[Image-backed grounding data]
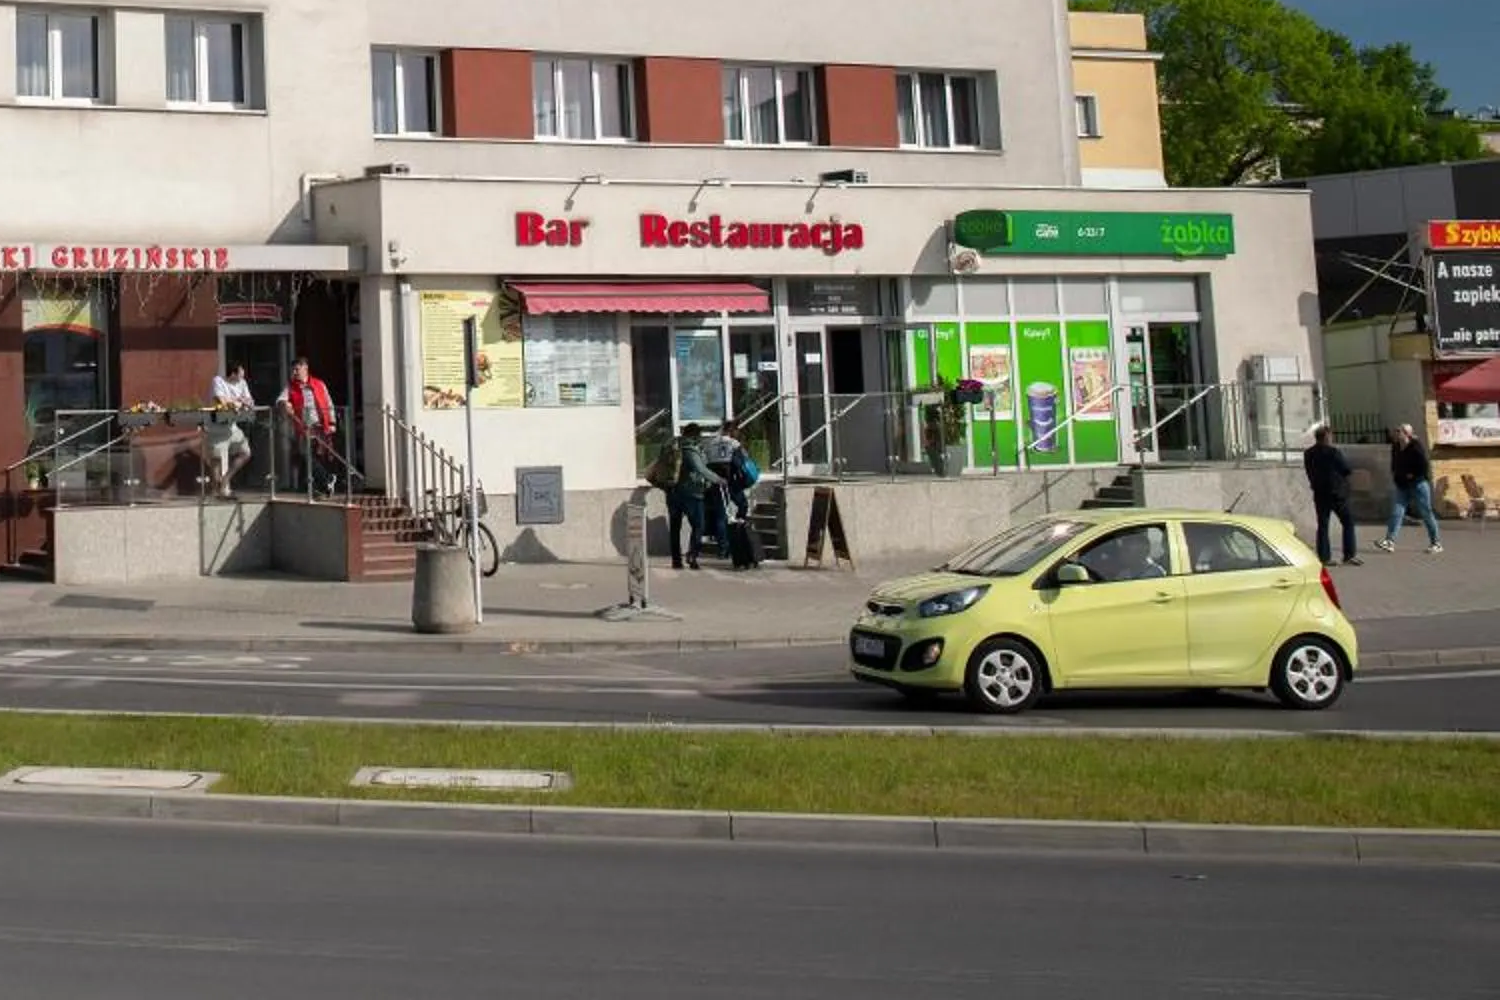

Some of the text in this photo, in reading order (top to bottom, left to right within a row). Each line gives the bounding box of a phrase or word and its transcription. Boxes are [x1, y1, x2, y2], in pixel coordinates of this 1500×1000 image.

[514, 211, 865, 256] Bar Restauracja
[1159, 217, 1231, 245] żabka
[51, 243, 229, 270] GRUZIŃSKIE
[1437, 261, 1493, 278] A nasze

Problem details → Repeat the entries above exactly as written, but not their pictures.

Answer box →
Some of the text in this photo, in reading order (top to bottom, left to right within a row). Each line gives the bounding box of a phrase or word and its transcription. Boxes are [x1, y1, x2, y2], in pixel coordinates of this 1500×1000 image.

[514, 211, 865, 256] Bar Restauracja
[1159, 217, 1231, 245] żabka
[51, 243, 229, 270] GRUZIŃSKIE
[1437, 261, 1493, 278] A nasze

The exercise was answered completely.